Seriously though, great job. I hope you will post some more in the near future.
Yeah, this, for being the first piece I have read from you in at least a year, is filled with tones of mournful and regretful images of a long lost love. I like how you give us just enough info here, not too much which is good, and from there we can let our imaginations run wild. Anywho, cool stuff, and I realize I do miss reading your writing a lot.
There was a lot of imagery that you presented really well, your purpose was very clear.
I especially dig the internal rhyme in the first stanza and the alliteration at the end of the second stanza, fun stuff.
Did you mean to misspell 'pyrates'? Just wondering.
With the first line is it 'awake' or 'a wake'? Both fit and the more I think about it, the more I reason that you put the space in there on purpose.

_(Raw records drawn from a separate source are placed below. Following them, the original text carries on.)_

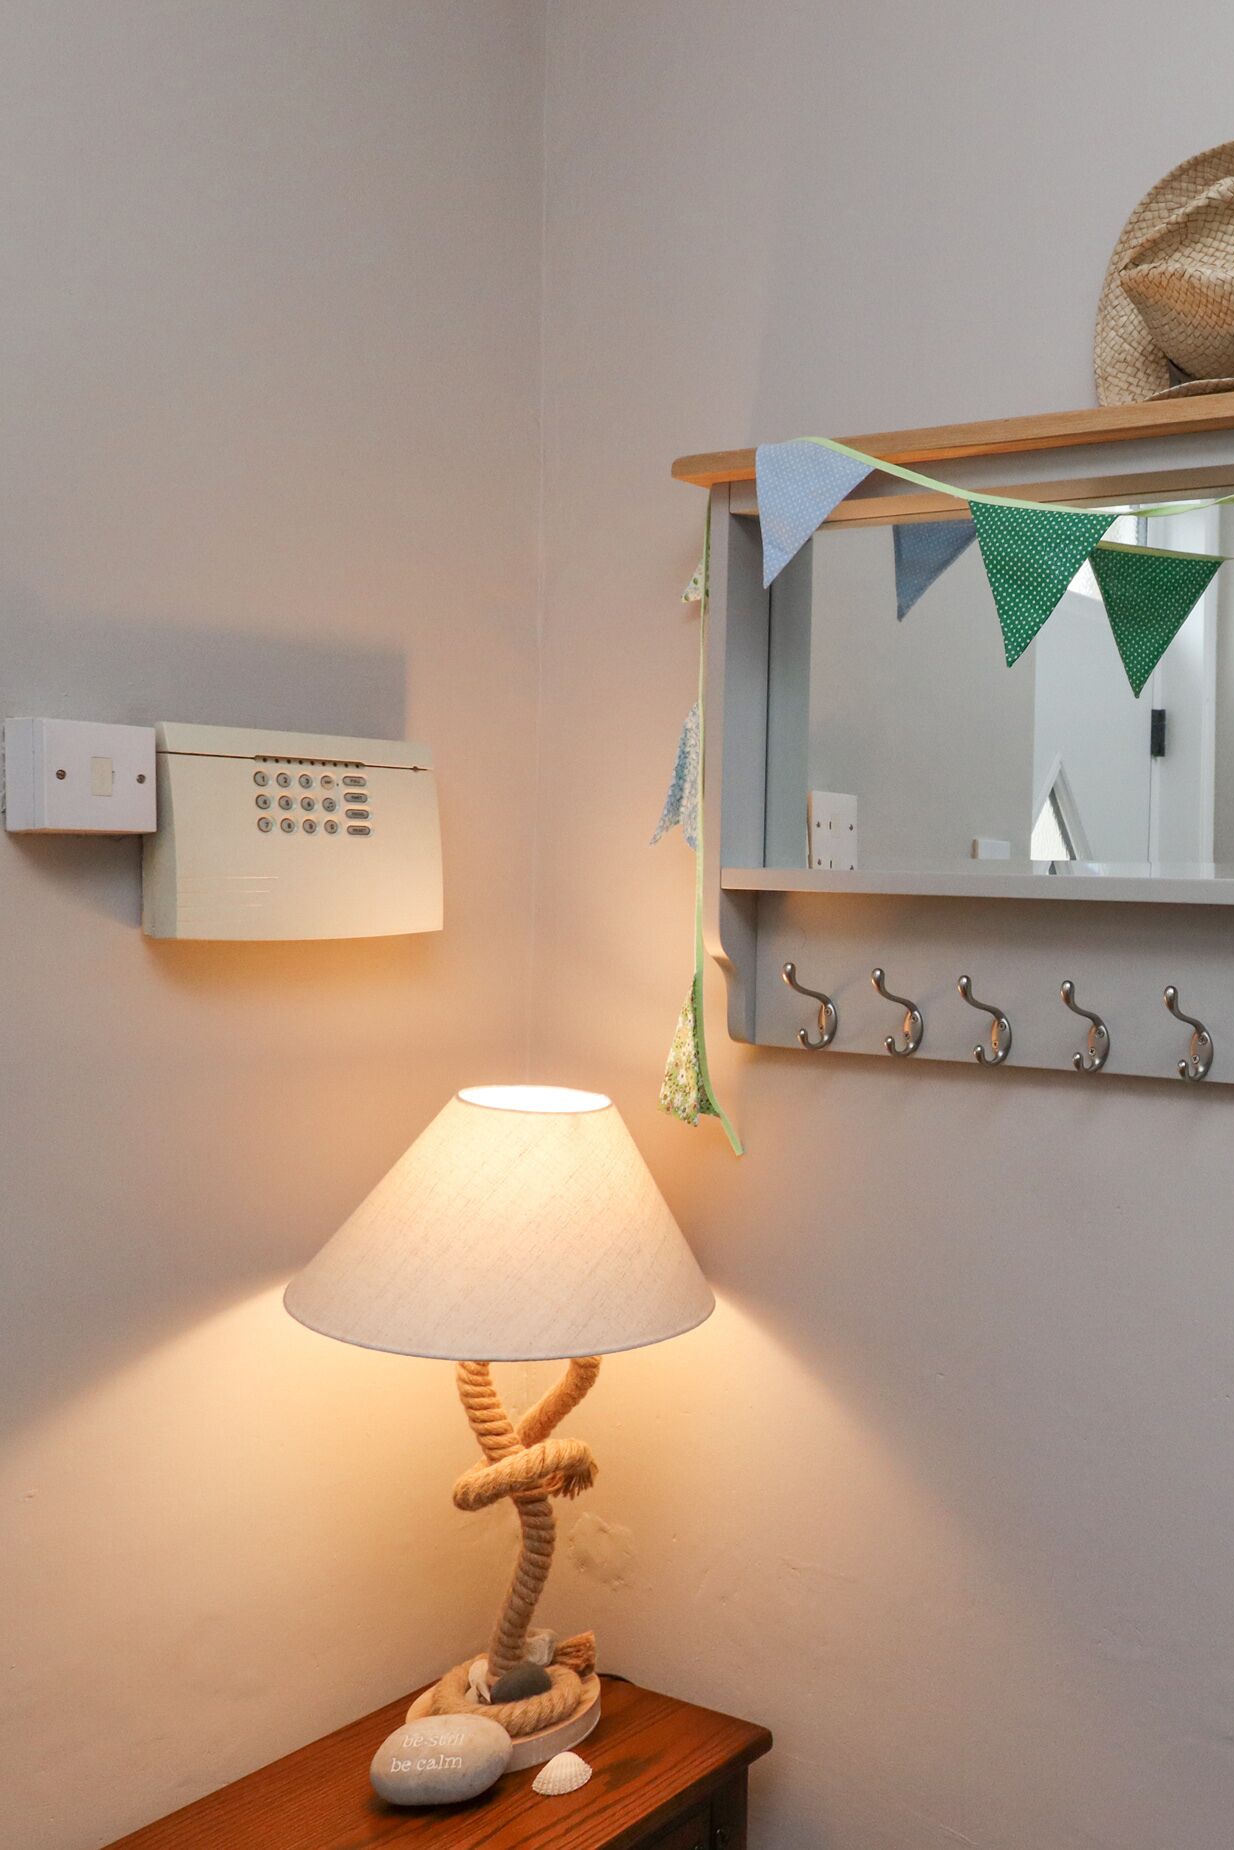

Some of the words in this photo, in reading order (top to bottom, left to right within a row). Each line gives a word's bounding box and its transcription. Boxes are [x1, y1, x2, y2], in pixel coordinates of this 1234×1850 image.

[403, 1735, 424, 1747] be
[391, 1757, 412, 1773] be
[416, 1754, 463, 1771] calm
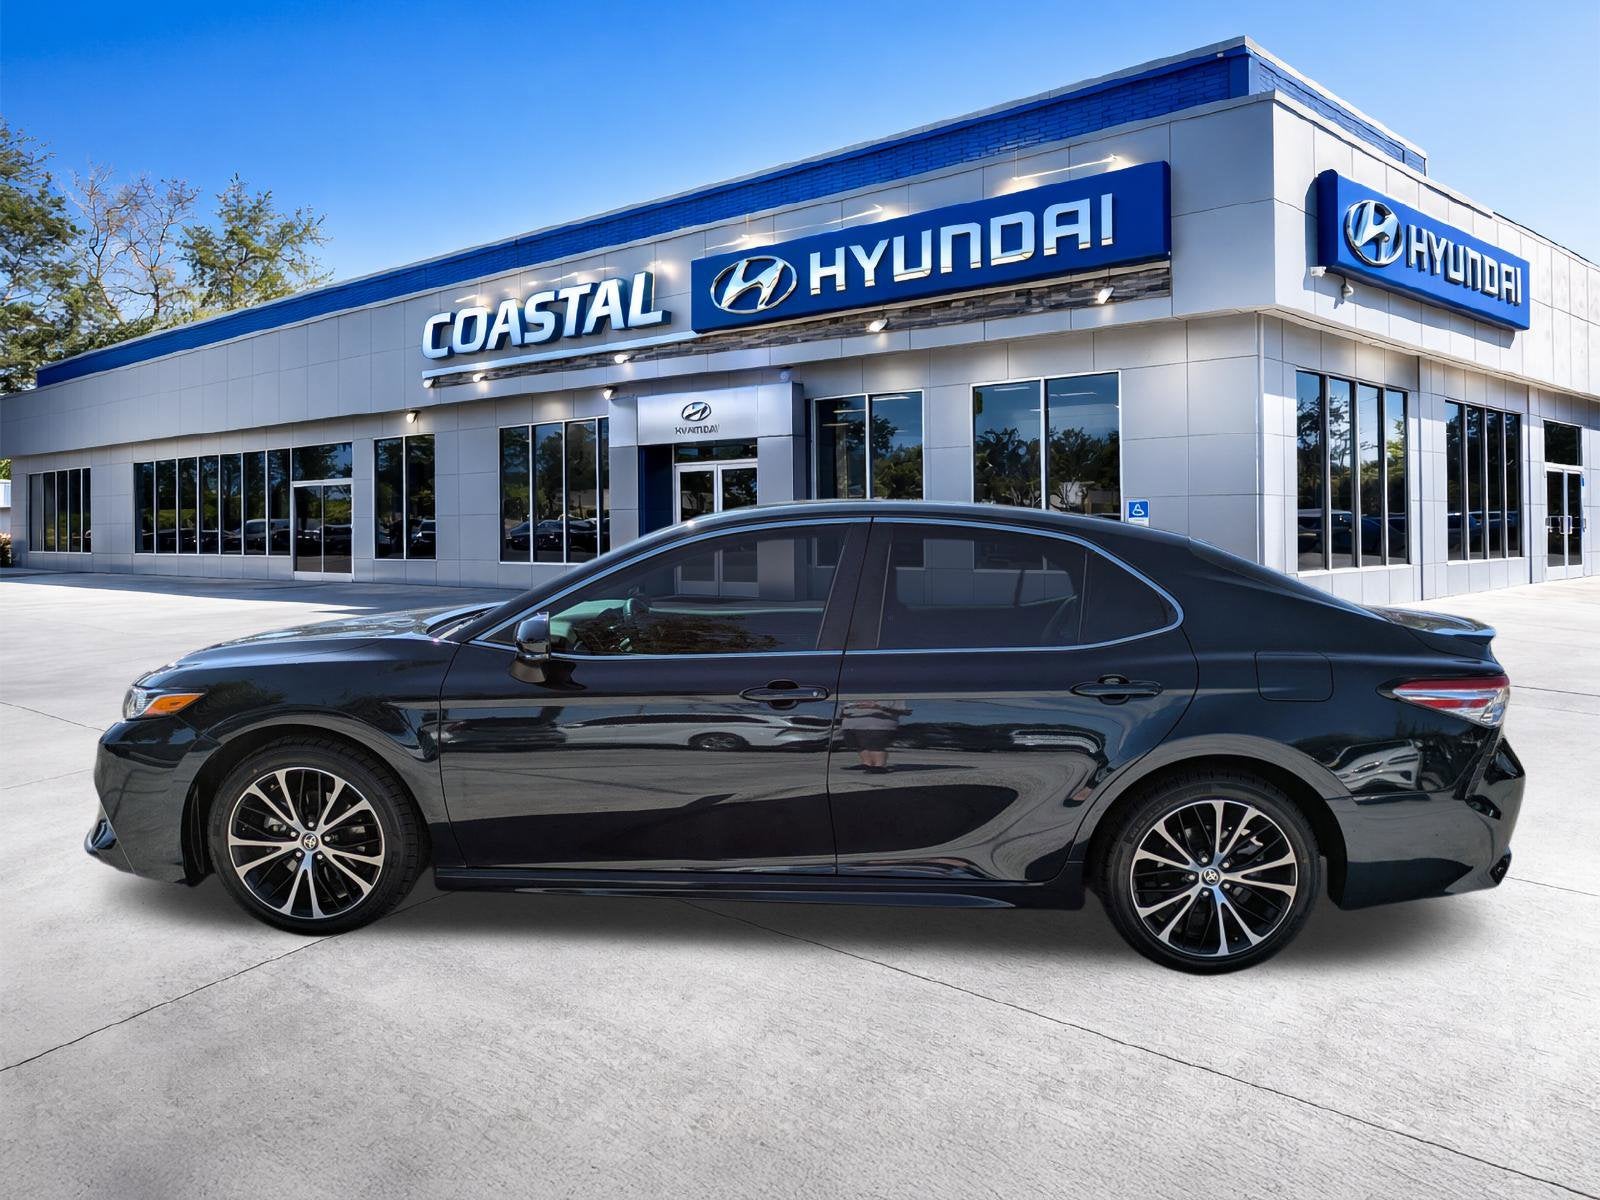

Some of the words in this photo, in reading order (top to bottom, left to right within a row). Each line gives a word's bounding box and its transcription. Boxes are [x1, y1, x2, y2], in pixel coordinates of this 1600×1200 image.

[809, 193, 1114, 296] HYUNDAI
[1406, 224, 1522, 306] HYUNDAI
[422, 271, 667, 360] COASTAL
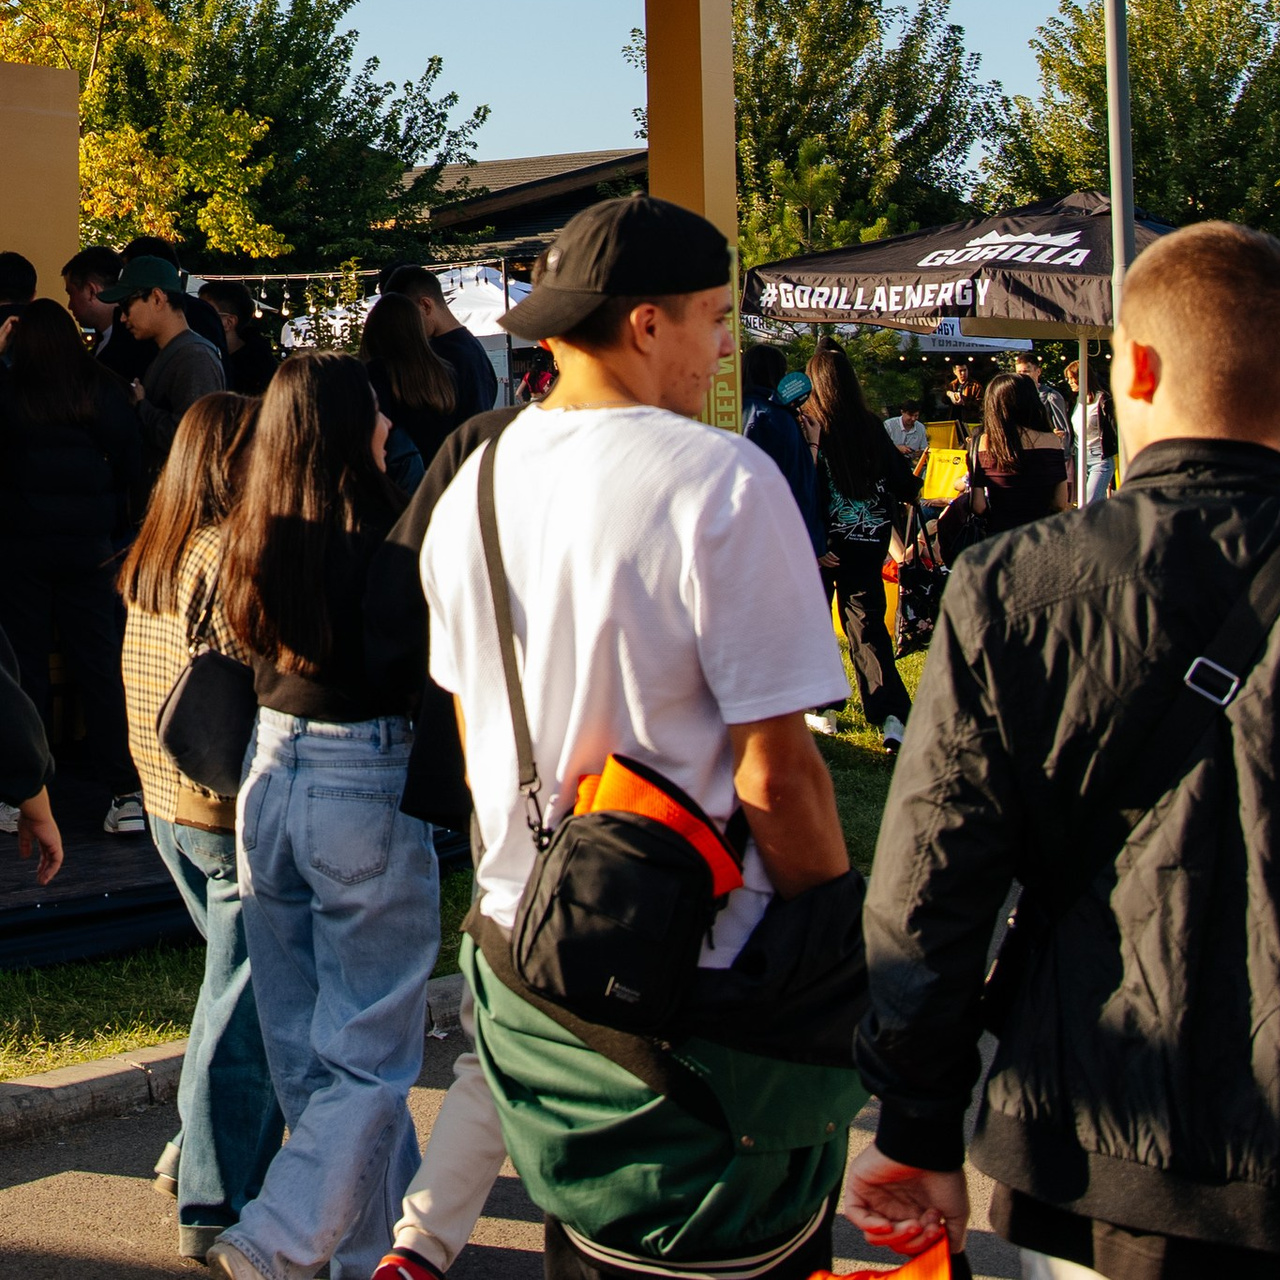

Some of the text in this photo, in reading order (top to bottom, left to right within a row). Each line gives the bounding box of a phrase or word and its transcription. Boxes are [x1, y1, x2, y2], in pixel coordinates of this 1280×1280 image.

[917, 244, 1091, 267] GORILLA
[759, 278, 990, 312] #GORILLAENERGY
[716, 381, 736, 432] EEP

Overall, great piece you are a true wordsmith.

At your leisure, if you would be so kind.
Yeah, I spelled pirates that way. As far as I know it's actually a legitimate albeit archaic way to spell it. I'm glad you got "awake" from the first line where it actually says "a wake". That's what I was tryin' for.

It's a shit poem for imagery, I realised. And I still struggle to write anything longer than 8 lines... Self-crit, lol.

Hi Streetcarp! Heh, I look forward to getting around to catching up on what you've written

Thanks for reading, dudes.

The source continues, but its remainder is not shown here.